Coroutines that may outlive their caller must take arguments by value. This is mechanical to state but easy to miss in practice, and unlike dangling references in regular functions, the bug often manifests at a distance because the coroutine suspends before the problem manifests.

The same issue applies to the final_suspend decision. If final_suspend returns std::suspend_always, the coroutine frame stays alive after the body completes, waiting for the caller to call handle.destroy(). Forgetting that call is a memory leak. Library wrappers handle this through RAII; bare coroutine_handle<> does not.

What C++23 Provides

std::generator<T>, added in C++23 via P2502, is the standard library’s first answer to the boilerplate problem. For synchronous lazy sequences, the generator implementation above collapses to:

#include <generator>

std::generator<int> fibonacci() {
    int a = 0, b = 1;
    while (true) {
        co_yield a;
        std::tie(a, b) = std::pair{b, a + b};
    }
}

std::generator<int> range(int first, int last) {
    for (int i = first; i < last; ++i)
        co_yield i;
}

std::generator models std::ranges::input_range, so it composes with <ranges> algorithms directly. It also handles recursive generators correctly through co_yield std::ranges::elements_of(inner), which avoids the O(n) stack depth that naive recursive generators accumulate, a subtle problem that the hand-rolled version from Chunawala’s article would encounter.

For async tasks there is still no standard type. The committee’s answer for C++26 is P2300, the senders and receivers proposal, which provides a standardized execution model on top of the coroutine machinery. In the meantime, Boost.Asio provides asio::awaitable<T> and the infrastructure to drive it, and the cppcoro library (written by Lewis Baker, who also authored the authoritative blog series on coroutines at lewissbaker.github.io) provides task<T>, shared_task<T>, async_generator<T>, thread pool schedulers, and async primitives.

How This Compares to Other Languages

Rust’s async/await compiles down to a similar state machine, but the compiler generates the Future trait implementation automatically. You write async fn and the compiler figures out what needs to be stored across suspension points. The tradeoff is that Rust’s borrow checker applies to async code, which catches the dangling reference problem at compile time through Pin<T>. C++ gives you the same zero-cost suspension model with none of the safety net.

Python’s asyncio is syntactically lighter still, with a built-in event loop and automatic exception propagation, but the coroutines are not zero-cost, and the scheduler is not pluggable in the same way.

Go goroutines are stackful, not stackless. They carry a real (growable) stack, so any function in a goroutine can block without annotation. The cost is memory (2-8 KB per goroutine versus roughly 200-2000 bytes for a C++ coroutine frame) and a runtime scheduler. The ergonomic gap is large: in Go you just write go f() and the runtime handles the rest. In C++, the mechanism is maximally flexible but requires deliberate composition.

The Takeaway

The promise_type boilerplate is not an oversight or a failure to finish the design. It is the feature. C++20 coroutines let you control frame allocation, scheduling, exception handling, result storage, and suspension behavior from a single customization point. No other language in common use offers that level of control over coroutine machinery.

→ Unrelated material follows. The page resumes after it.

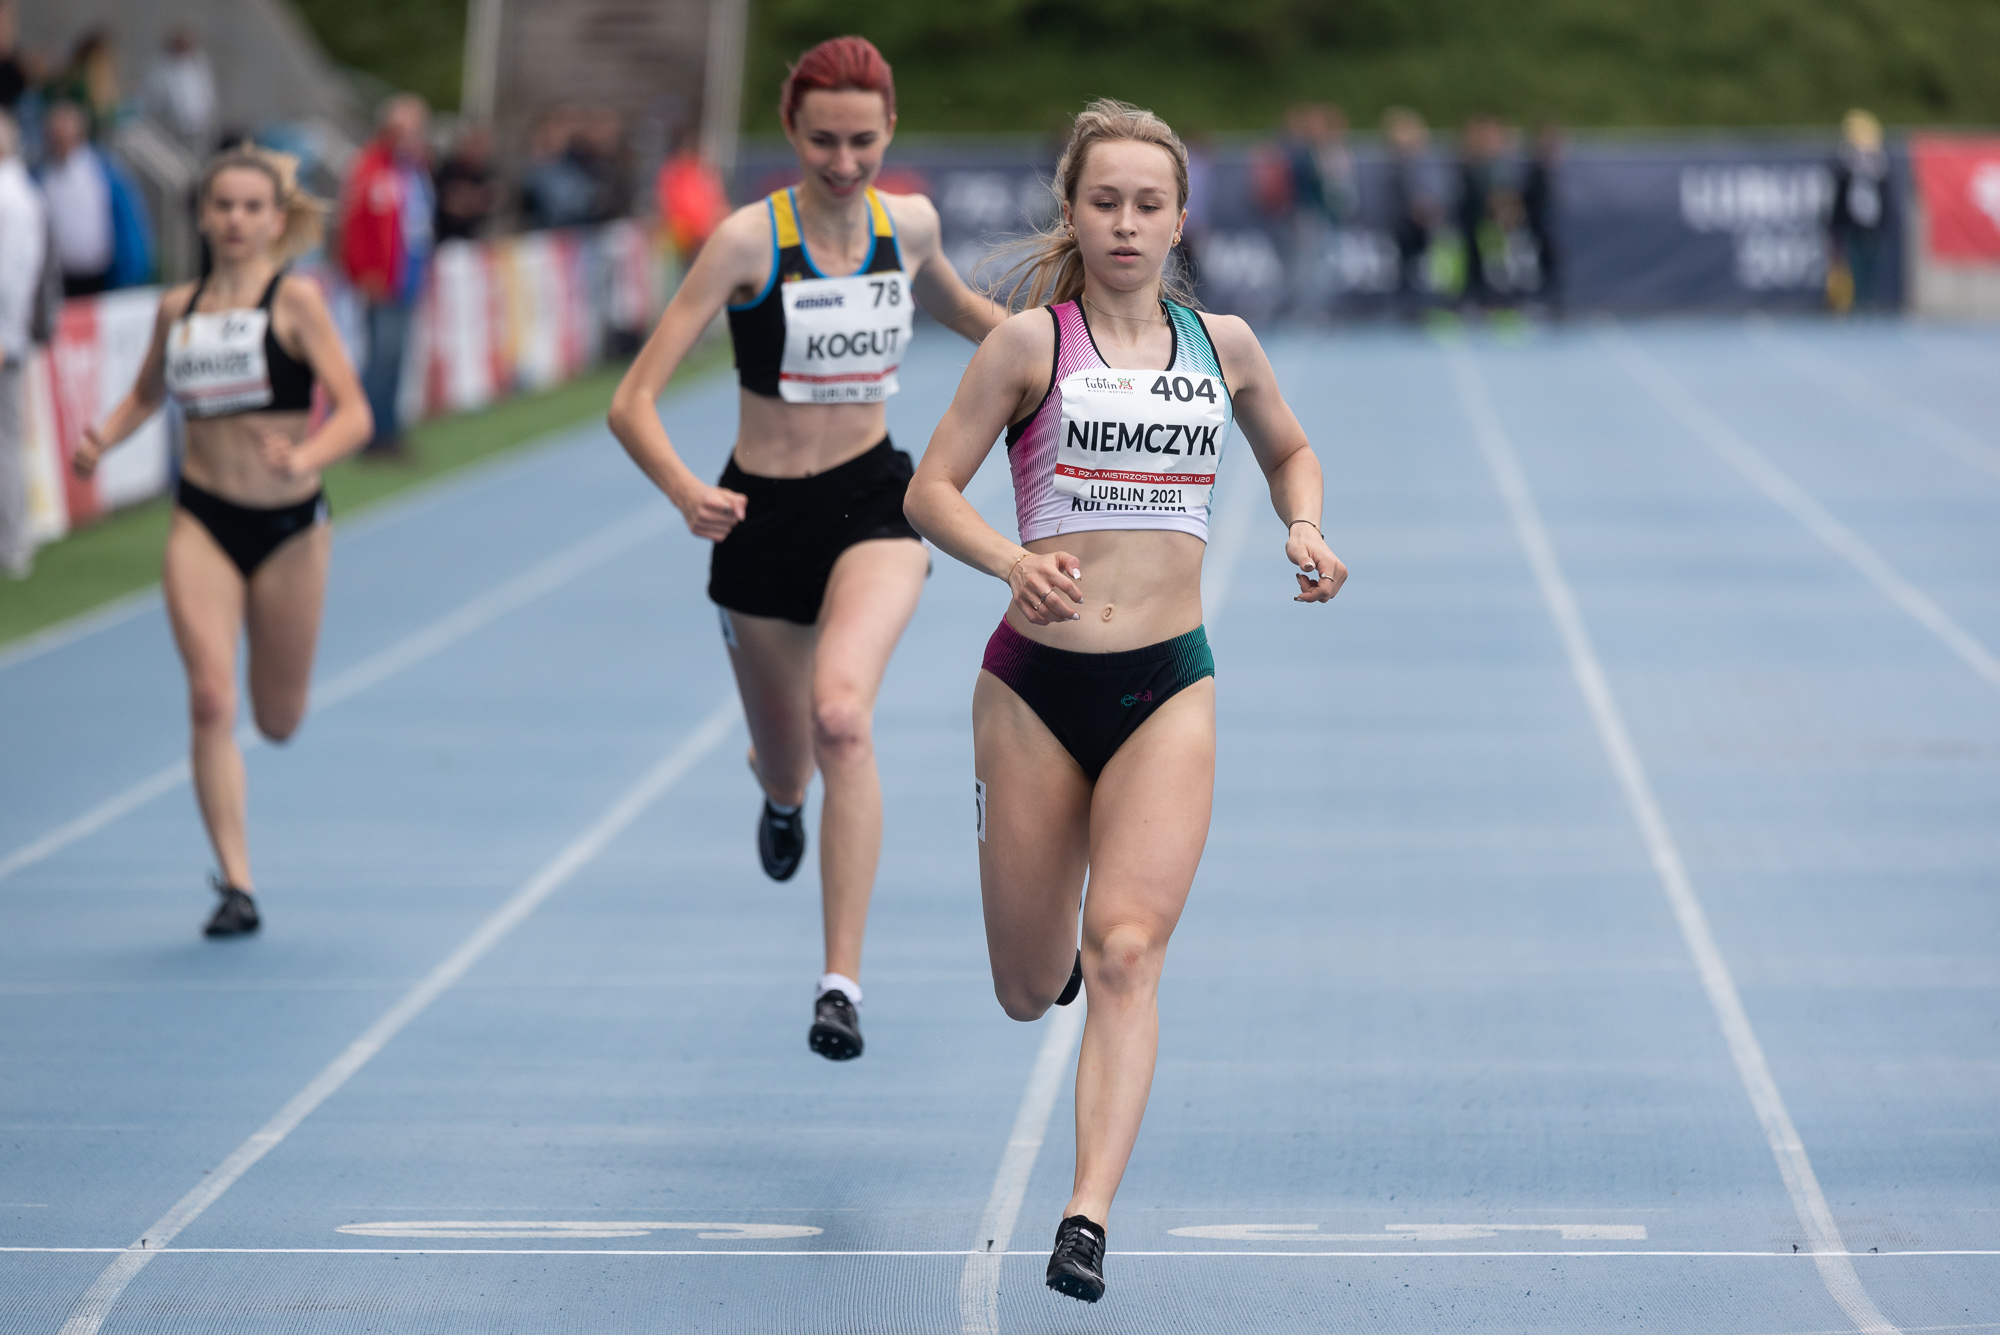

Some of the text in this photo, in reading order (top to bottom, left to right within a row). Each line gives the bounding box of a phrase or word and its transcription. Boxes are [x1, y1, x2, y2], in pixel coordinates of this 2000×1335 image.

The cost is that writing coroutines from scratch in C++ requires understanding the full lifecycle, and the compiler enforces very little of it. The original Chunawala article is a solid starting point for understanding what you need to write. The deeper question is whether you need to write it at all. For synchronous generators, std::generator is available now in C++23. For async tasks, reach for Asio or cppcoro rather than a bare promise type. The mechanism is worth understanding; the boilerplate is worth delegating.